● **Exercise aim**: Below are the records; reproduce all of them exactly but without any images.

● **Data excerpts**:
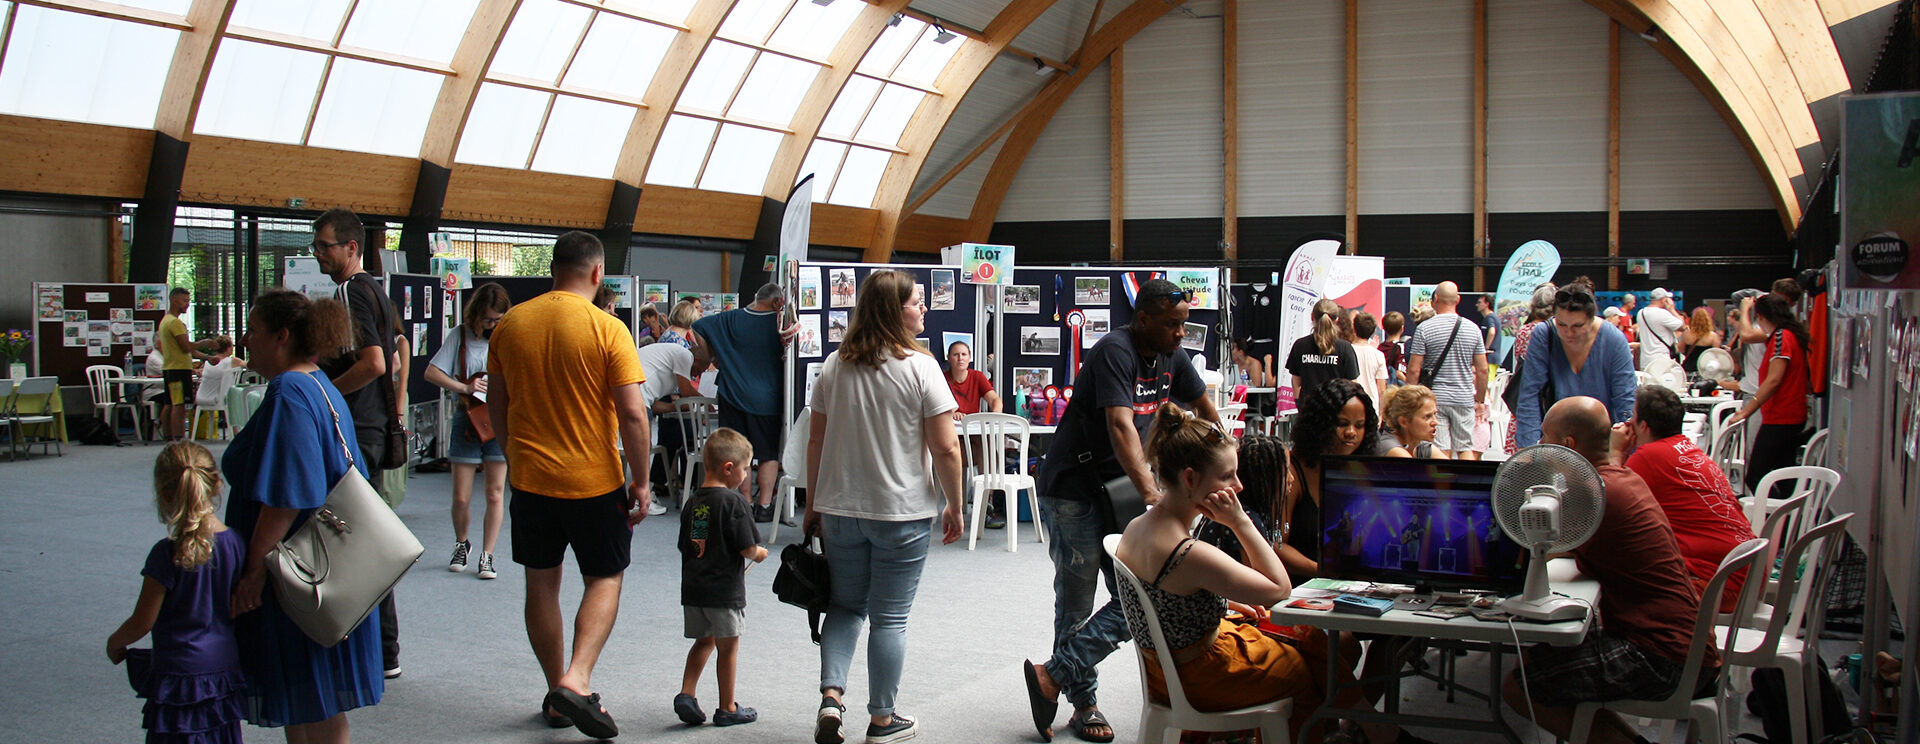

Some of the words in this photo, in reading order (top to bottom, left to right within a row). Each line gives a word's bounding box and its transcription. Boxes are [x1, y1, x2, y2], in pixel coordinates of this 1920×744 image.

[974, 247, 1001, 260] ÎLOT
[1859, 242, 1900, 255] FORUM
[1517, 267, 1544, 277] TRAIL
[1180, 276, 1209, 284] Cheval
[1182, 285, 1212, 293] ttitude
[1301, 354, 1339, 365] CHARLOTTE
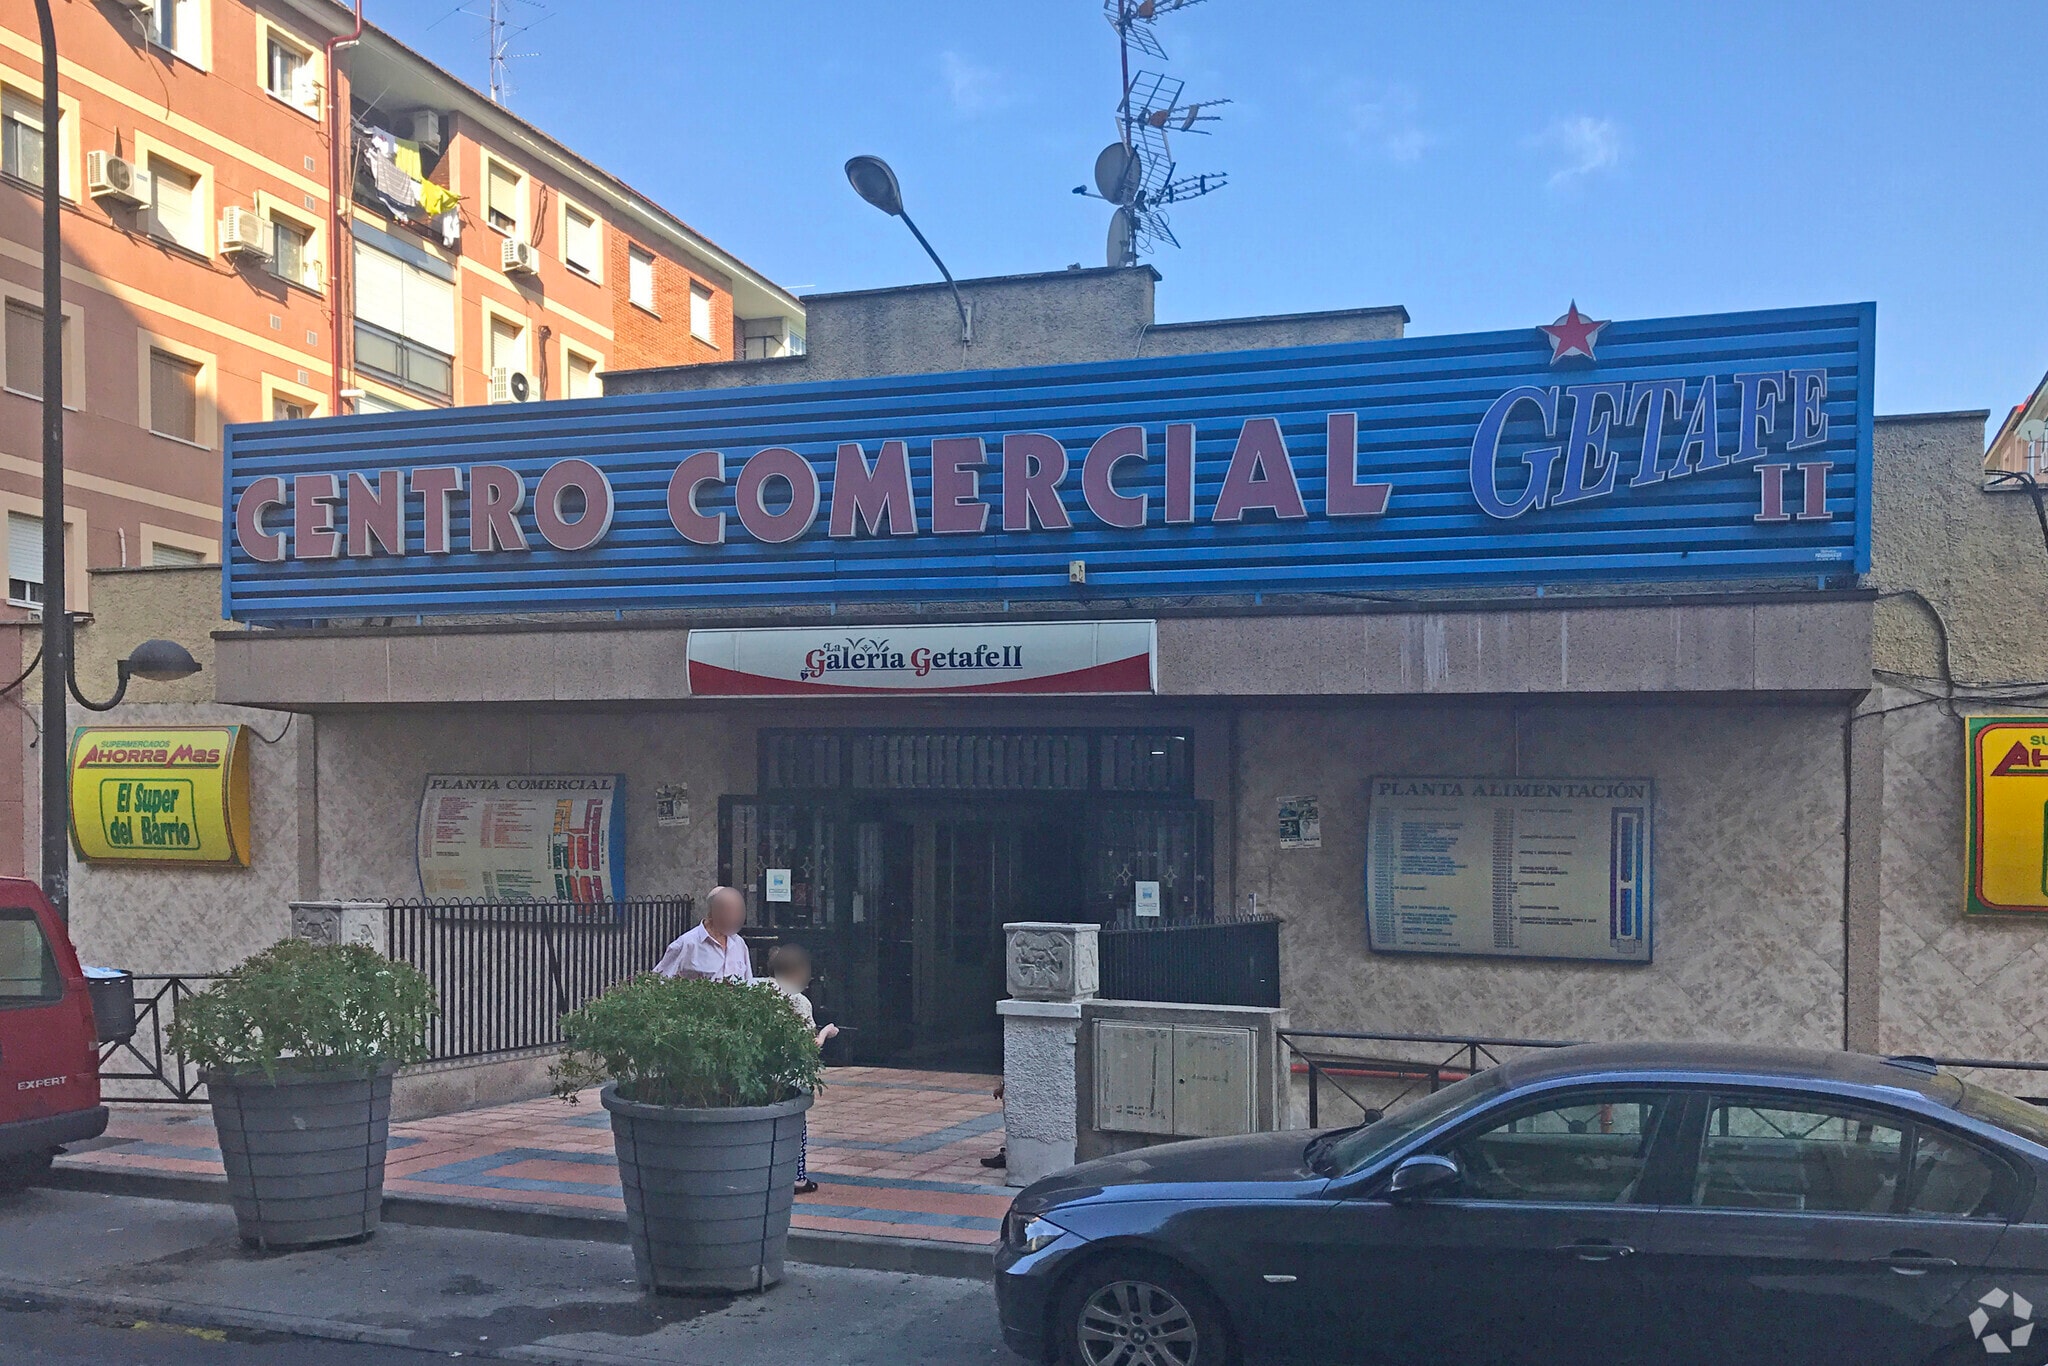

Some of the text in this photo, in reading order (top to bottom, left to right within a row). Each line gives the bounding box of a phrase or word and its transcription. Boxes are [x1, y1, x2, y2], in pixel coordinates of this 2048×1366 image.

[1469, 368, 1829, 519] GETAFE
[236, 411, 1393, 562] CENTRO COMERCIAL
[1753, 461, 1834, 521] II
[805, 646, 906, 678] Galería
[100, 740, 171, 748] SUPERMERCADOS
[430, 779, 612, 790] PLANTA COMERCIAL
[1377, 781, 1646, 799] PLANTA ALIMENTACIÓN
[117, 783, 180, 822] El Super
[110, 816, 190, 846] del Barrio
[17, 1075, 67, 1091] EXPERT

● **Solution to this exercise**:
Some of the words in this photo, in reading order (top to bottom, left to right within a row). Each line gives a word's bounding box and its transcription. Boxes are [x1, y1, x2, y2], in pixel coordinates of this 1920×744 image.

[974, 247, 1001, 260] ÎLOT
[1859, 242, 1900, 255] FORUM
[1517, 267, 1544, 277] TRAIL
[1180, 276, 1209, 284] Cheval
[1182, 285, 1212, 293] ttitude
[1301, 354, 1339, 365] CHARLOTTE

Some of the text in this photo, in reading order (top to bottom, left to right within a row). Each line gives the bounding box of a phrase or word and its transcription. Boxes are [x1, y1, x2, y2], in pixel coordinates of this 2048×1366 image.

[1469, 368, 1829, 519] GETAFE
[236, 411, 1393, 562] CENTRO COMERCIAL
[1753, 461, 1834, 521] II
[805, 646, 906, 678] Galería
[100, 740, 171, 748] SUPERMERCADOS
[430, 779, 612, 790] PLANTA COMERCIAL
[1377, 781, 1646, 799] PLANTA ALIMENTACIÓN
[117, 783, 180, 822] El Super
[110, 816, 190, 846] del Barrio
[17, 1075, 67, 1091] EXPERT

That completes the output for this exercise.